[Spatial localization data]
◇ ◇ ◇ ◇ ◇ ◇ ◇

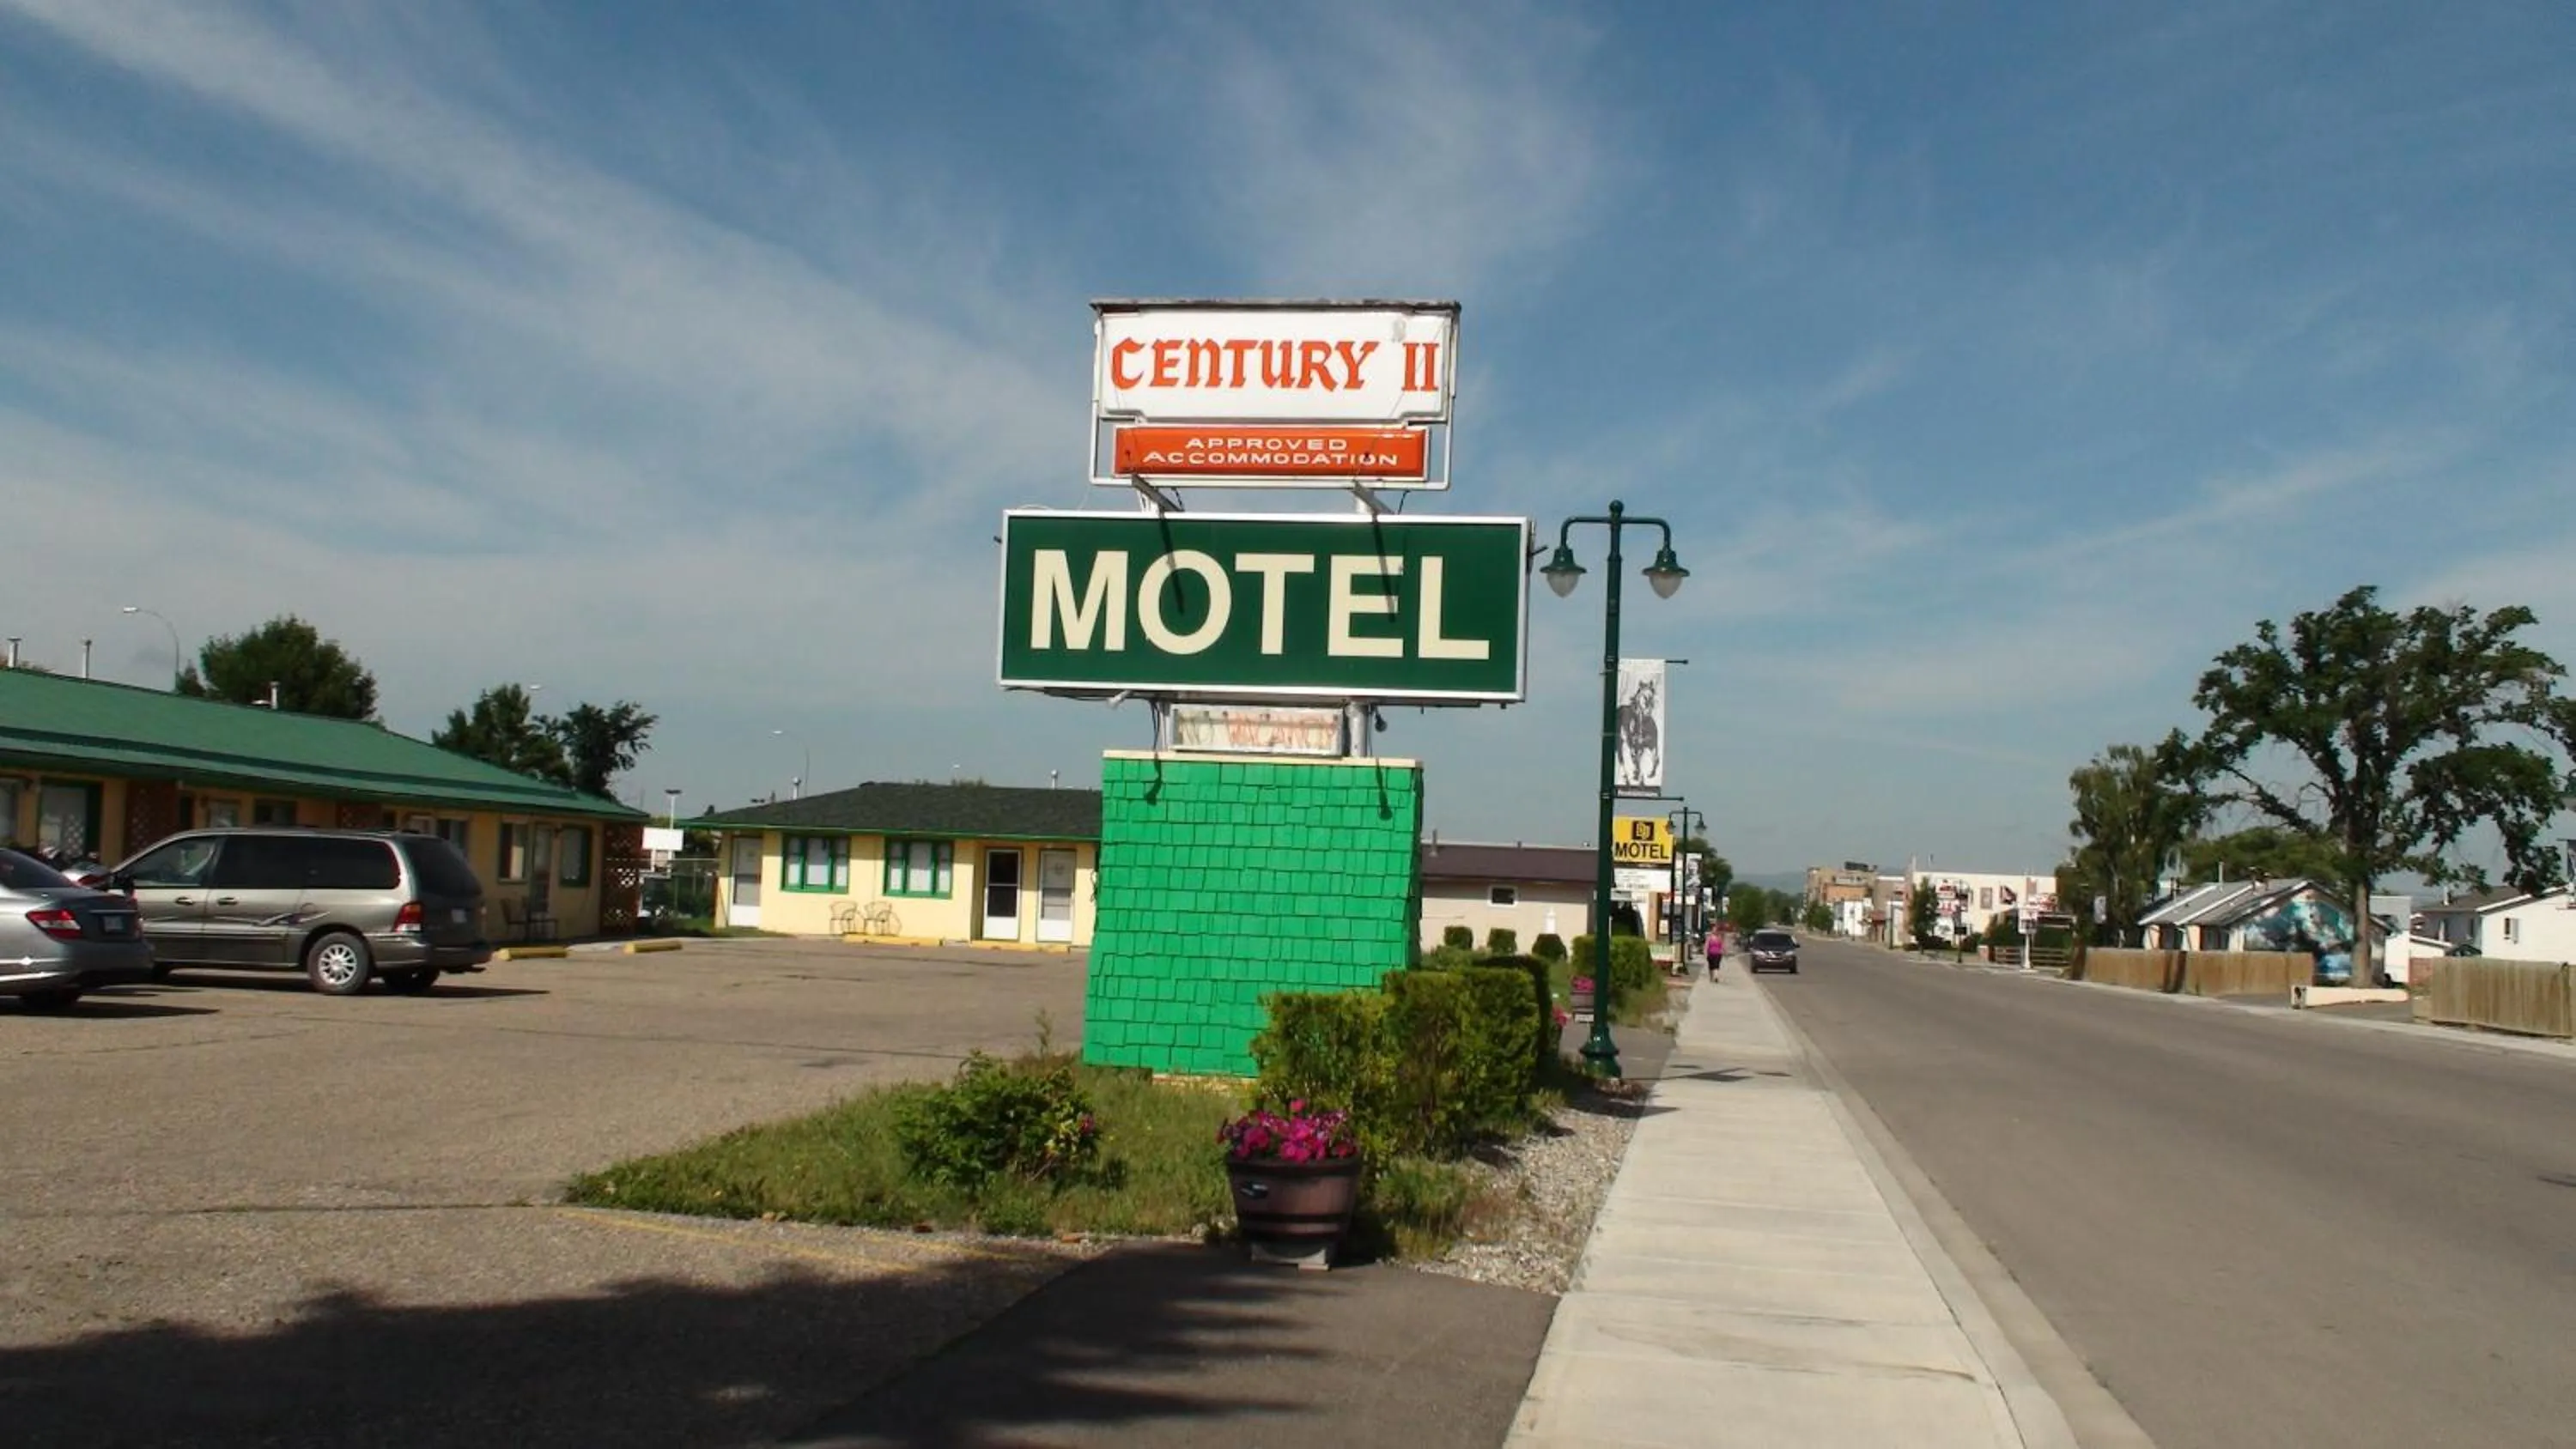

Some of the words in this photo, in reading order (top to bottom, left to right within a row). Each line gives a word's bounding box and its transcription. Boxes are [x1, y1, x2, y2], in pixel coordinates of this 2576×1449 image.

[1110, 336, 1379, 391] CENTURY
[1401, 343, 1439, 392] II
[1185, 438, 1347, 451] APPROVED
[1142, 452, 1398, 465] ACCOMMODATION
[1030, 549, 1490, 660] MOTEL
[1615, 842, 1670, 859] MOTEL
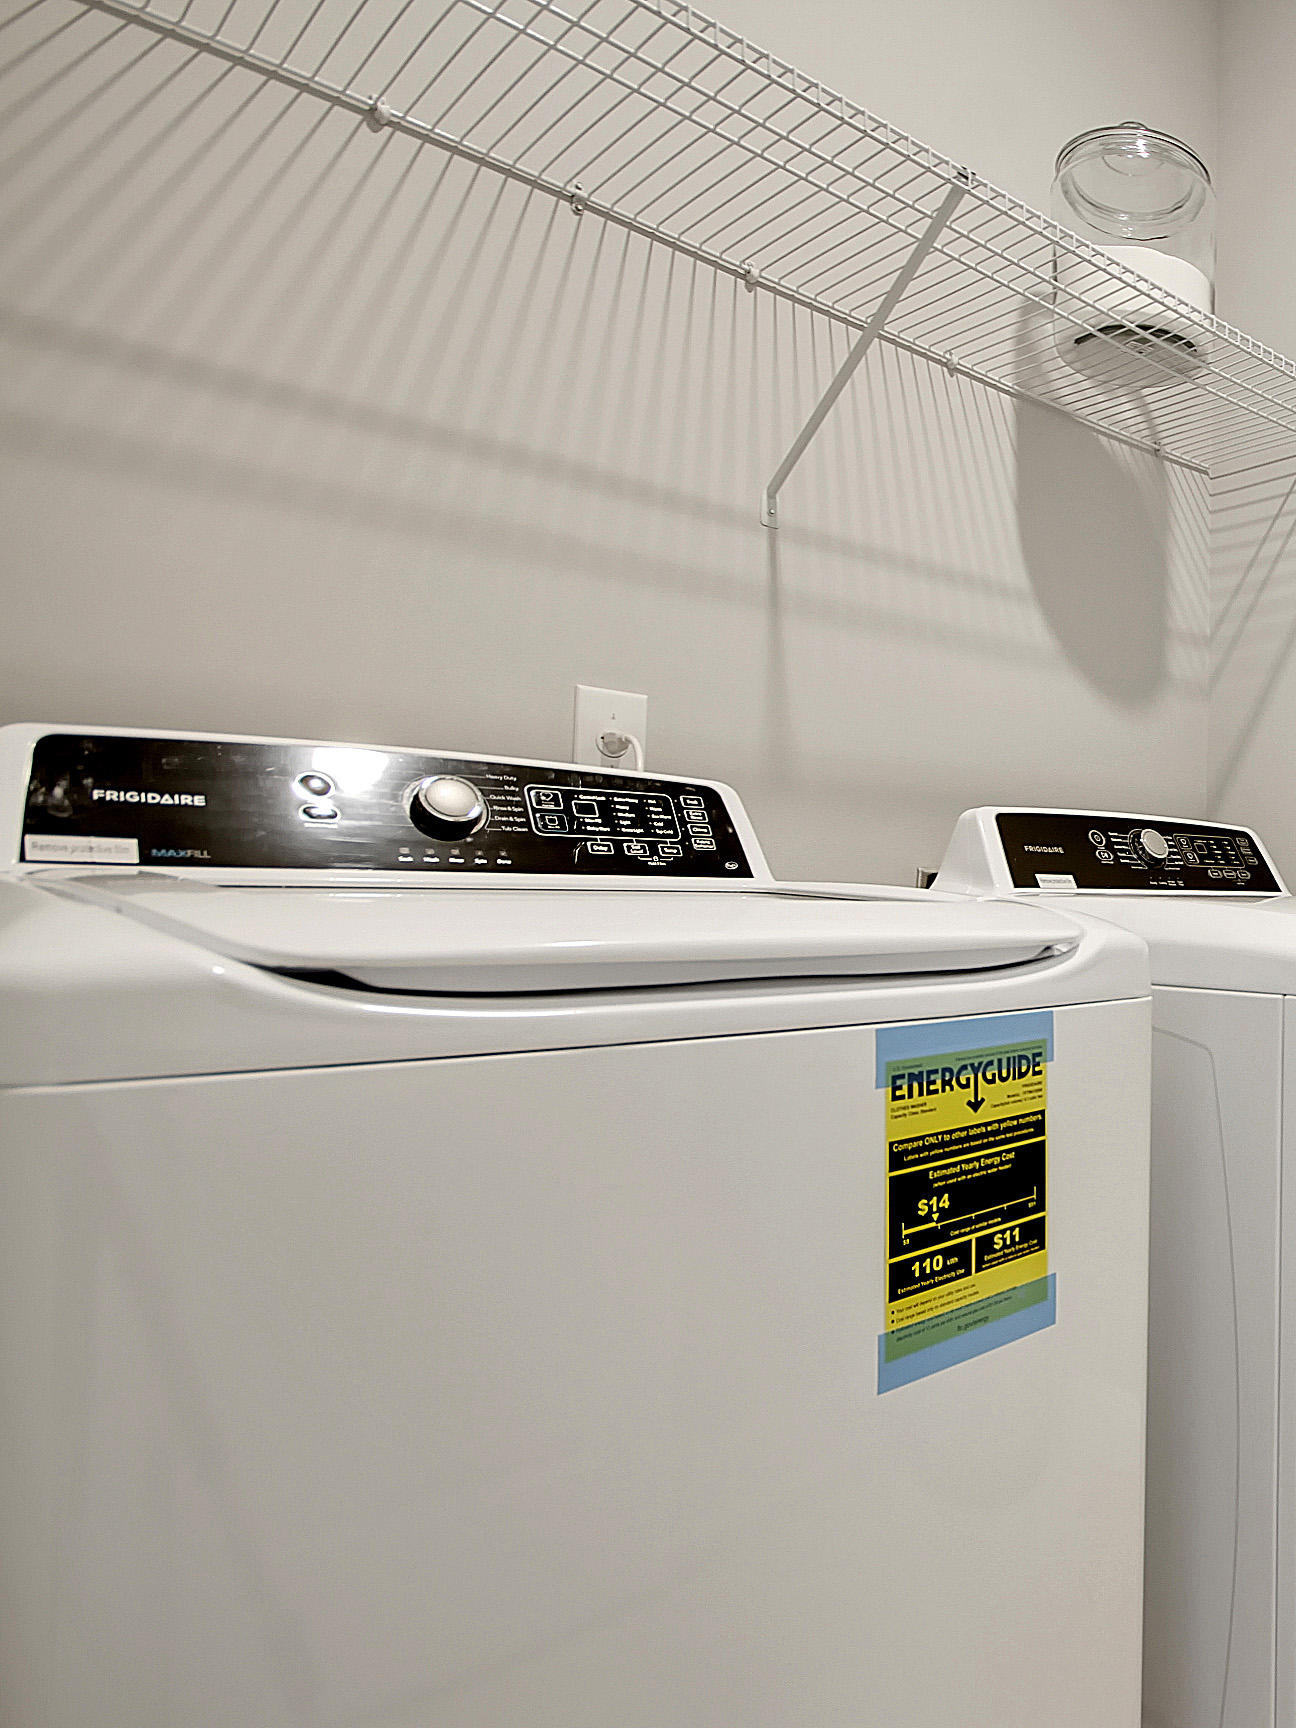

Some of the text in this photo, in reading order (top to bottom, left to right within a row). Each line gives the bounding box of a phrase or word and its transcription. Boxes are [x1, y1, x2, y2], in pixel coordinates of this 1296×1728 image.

[92, 789, 206, 806] FRIGIDAIRE
[1024, 845, 1065, 854] FRIGIDAIRE
[890, 1051, 1043, 1102] ENERGYGUIDE
[892, 1140, 923, 1152] Compare
[924, 1134, 942, 1146] ONLY
[943, 1134, 951, 1142] to
[928, 1151, 1016, 1179] Estimated Yearly Energy Cost
[917, 1193, 950, 1216] $14
[993, 1227, 1020, 1250] $11
[911, 1254, 944, 1278] 110

◇ ◇ ◇ ◇ ◇ ◇ ◇

** Directions for this task **
Leave out the images and copy all remaining data word for word.

** Written answer **
Some of the words in this photo, in reading order (top to bottom, left to right within a row). Each line gives a word's bounding box and its transcription. Boxes are [x1, y1, x2, y2], in pixel coordinates of this 2576×1449 image.

[1110, 336, 1379, 391] CENTURY
[1401, 343, 1439, 392] II
[1185, 438, 1347, 451] APPROVED
[1142, 452, 1398, 465] ACCOMMODATION
[1030, 549, 1490, 660] MOTEL
[1615, 842, 1670, 859] MOTEL

Some of the text in this photo, in reading order (top to bottom, left to right within a row). Each line gives the bounding box of a phrase or word and its transcription. Boxes are [x1, y1, x2, y2], in pixel coordinates of this 1296×1728 image.

[92, 789, 206, 806] FRIGIDAIRE
[1024, 845, 1065, 854] FRIGIDAIRE
[890, 1051, 1043, 1102] ENERGYGUIDE
[892, 1140, 923, 1152] Compare
[924, 1134, 942, 1146] ONLY
[943, 1134, 951, 1142] to
[928, 1151, 1016, 1179] Estimated Yearly Energy Cost
[917, 1193, 950, 1216] $14
[993, 1227, 1020, 1250] $11
[911, 1254, 944, 1278] 110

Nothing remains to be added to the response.